Dont want to spend too much money .... if i dont have to


----------



## SinisterMind (Feb 27, 2004)

*Re: (elgan m)*

My brother's friend was selling slightly used Hella ballasts with Osram bulbs for $250. The projectors were $100 from hidplanet. http://www.hidplanet.com/bosch.html The back cover had to be modified to accomodate the additional height of the bulb plug, but everything fits inside the engine bay. Also had to cut out a hole in back cover for the wires. I'll get pics of that too. Oh, and the ballasts I have are similar to this (same manufacturer) http://www.hidplanet.com/ballasts.html. 


_Modified by SinisterMind at 8:33 AM 2-19-2007_


----------



## mista dubba dubba (Jul 4, 2001)

*Re: (SinisterMind)*

Did the bosch projector mounting points match up well with the existing points on the fk housings? I heard that the valeo projectors are a direct swap for the fk halogens, but can's seem to find a source for these. The bosch units are supposed to have better light output, but I'm unsure of how easily they swap into the fk headlights. Thanks.


----------



## SinisterMind (Feb 27, 2004)

*Re: (mista dubba dubba)*

Unfortunately the Bosch projectors don't match up with original headlight mouning holes. If the Valeo projectors work better, then I would suggest getting those.


----------



## SinisterMind (Feb 27, 2004)

*Re: (SinisterMind)*

Here's the finished product. Not pretty to look at.


----------



## elgan m (Jan 29, 2007)

Thanks for all the info!
You have those installed yet?
It'd be sweet if I could see what they looked like turned on








So, you had to do many mod's to make that setup work?
I want retrofitted hid's but I want something that maybe isnt so "custom" .... maybe








I cant wait to see those on a car... FK is a vurrrry hawt light (Y)


----------



## SinisterMind (Feb 27, 2004)

*Re: (elgan m)*


_Quote, originally posted by *elgan m* »_Thanks for all the info!
You have those installed yet?
It'd be sweet if I could see what they looked like turned on








So, you had to do many mod's to make that setup work?
I want retrofitted hid's but I want something that maybe isnt so "custom" .... maybe








I cant wait to see those on a car... FK is a vurrrry hawt light (Y)
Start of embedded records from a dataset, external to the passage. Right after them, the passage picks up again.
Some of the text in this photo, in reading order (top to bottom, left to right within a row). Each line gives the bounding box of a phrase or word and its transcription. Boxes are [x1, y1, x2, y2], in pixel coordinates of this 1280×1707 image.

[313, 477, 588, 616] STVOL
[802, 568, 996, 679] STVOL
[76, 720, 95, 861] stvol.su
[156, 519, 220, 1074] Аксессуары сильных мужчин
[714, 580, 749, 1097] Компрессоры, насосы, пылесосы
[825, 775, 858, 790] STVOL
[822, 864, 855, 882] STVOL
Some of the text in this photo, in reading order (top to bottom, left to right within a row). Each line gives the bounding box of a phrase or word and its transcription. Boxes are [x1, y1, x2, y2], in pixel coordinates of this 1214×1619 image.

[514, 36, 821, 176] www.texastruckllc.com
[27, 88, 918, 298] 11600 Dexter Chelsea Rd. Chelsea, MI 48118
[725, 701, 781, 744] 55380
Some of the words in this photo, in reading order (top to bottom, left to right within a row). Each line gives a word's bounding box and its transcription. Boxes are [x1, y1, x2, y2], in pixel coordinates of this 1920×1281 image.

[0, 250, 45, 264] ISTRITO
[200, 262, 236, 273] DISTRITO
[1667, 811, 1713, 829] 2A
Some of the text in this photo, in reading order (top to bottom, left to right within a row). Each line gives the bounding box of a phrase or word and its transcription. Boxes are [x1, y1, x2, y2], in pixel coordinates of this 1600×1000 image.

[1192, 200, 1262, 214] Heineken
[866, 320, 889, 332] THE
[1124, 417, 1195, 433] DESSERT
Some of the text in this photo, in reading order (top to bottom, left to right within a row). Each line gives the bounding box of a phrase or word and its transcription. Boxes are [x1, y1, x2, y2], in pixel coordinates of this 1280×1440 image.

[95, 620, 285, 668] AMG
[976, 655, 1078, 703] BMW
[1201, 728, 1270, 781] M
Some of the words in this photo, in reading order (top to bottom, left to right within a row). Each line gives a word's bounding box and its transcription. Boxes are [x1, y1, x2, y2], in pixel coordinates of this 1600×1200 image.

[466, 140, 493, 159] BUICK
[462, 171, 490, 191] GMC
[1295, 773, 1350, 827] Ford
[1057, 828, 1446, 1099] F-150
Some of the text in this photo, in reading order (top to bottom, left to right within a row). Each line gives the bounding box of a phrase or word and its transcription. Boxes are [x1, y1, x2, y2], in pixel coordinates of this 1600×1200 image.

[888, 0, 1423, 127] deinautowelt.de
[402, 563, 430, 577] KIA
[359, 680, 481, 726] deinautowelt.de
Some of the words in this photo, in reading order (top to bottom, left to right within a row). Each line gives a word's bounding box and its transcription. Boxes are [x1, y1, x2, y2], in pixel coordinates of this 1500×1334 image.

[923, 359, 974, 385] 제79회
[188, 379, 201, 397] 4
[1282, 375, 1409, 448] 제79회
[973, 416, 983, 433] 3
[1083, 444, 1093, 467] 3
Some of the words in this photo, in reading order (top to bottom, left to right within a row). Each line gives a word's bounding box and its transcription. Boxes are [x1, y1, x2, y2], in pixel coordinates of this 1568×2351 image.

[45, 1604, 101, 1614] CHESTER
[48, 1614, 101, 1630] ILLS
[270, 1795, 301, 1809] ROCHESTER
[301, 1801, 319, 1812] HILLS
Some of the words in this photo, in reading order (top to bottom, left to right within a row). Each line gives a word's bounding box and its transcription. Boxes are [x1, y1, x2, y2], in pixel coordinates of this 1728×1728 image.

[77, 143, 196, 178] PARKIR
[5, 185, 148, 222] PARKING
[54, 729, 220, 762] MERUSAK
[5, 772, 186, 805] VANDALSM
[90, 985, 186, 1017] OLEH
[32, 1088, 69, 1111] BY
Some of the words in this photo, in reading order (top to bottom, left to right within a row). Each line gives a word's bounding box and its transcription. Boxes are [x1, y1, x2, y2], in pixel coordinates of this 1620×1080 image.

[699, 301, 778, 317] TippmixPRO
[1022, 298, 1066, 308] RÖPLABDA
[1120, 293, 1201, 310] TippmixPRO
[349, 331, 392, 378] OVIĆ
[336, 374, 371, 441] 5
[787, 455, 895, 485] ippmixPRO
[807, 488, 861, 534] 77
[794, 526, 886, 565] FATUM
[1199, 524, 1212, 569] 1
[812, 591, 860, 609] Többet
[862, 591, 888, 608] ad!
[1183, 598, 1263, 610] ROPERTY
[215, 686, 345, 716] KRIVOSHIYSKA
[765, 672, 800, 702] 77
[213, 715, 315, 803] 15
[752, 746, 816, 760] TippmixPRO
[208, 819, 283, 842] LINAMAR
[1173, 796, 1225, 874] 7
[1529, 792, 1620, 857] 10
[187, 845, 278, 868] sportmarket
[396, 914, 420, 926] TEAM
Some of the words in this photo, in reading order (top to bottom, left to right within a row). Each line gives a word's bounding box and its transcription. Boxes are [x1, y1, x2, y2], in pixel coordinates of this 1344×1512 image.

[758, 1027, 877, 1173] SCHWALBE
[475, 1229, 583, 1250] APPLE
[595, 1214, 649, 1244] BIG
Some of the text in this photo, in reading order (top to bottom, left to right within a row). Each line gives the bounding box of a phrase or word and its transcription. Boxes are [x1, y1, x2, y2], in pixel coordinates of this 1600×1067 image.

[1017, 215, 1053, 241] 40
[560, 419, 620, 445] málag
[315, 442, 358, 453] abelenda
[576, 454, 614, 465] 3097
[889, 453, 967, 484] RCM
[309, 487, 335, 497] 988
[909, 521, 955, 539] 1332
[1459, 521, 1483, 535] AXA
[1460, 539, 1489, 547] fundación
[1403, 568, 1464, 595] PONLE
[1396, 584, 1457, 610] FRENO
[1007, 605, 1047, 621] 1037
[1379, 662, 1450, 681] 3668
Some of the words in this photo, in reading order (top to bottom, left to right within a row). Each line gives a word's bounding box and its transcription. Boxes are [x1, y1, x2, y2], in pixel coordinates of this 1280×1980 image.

I wanted to install them today, but the temp is in low 20s. There wasn't much custom work done as much as being creative with what I had. I used JBweld to set the projector in place and then drilled holes to secure the projector with screws and nylon lock nuts. I did use my Dremel quite a bit.


----------



## EternalMind (Jun 8, 2005)

*Re: My HID retrofit (SinisterMind)*

huge props for taking the effort to do a retrofit http://****************.com/smile/emthup.gif . i think the flat black looks good personally. and you did the right thing by running the wires out the bottom of the lamp (instead of the back) to help avoid water running in. great job overall http://****************.com/smile/emthup.gif
please do post beam pattern pics when you get a chance to help out others that may find this thread later. 
p.s. don't forget your relay harness


----------



## SinisterMind (Feb 27, 2004)

*Re: My HID retrofit (EternalMind)*


_Quote, originally posted by *EternalMind* »_
please do post beam pattern pics when you get a chance to help out others that may find this thread later. 
p.s. don't forget your relay harness









I will get beam pics once installed. As far as relay, I've had these installed before retrofit and worked just fine without the relay. My bro says I don't need it and he knows his electronics. We shall see.
Oh, and thanks for kind words. http://****************.com/smile/emthup.gif


----------



## EternalMind (Jun 8, 2005)

*Re: My HID retrofit (SinisterMind)*

your choice, but don't say i didn't warn you


----------



## SinisterMind (Feb 27, 2004)

*Re: My HID retrofit (EternalMind)*


_Quote, originally posted by *EternalMind* »_your choice, but don't say i didn't warn you









I will have a talk with my bro. If anything fails I'll kill him.


----------



## SinisterMind (Feb 27, 2004)

*Re: My HID retrofit (SinisterMind)*

Back from the dead. Plugged them in and the intense light showed that the projectors were dirty.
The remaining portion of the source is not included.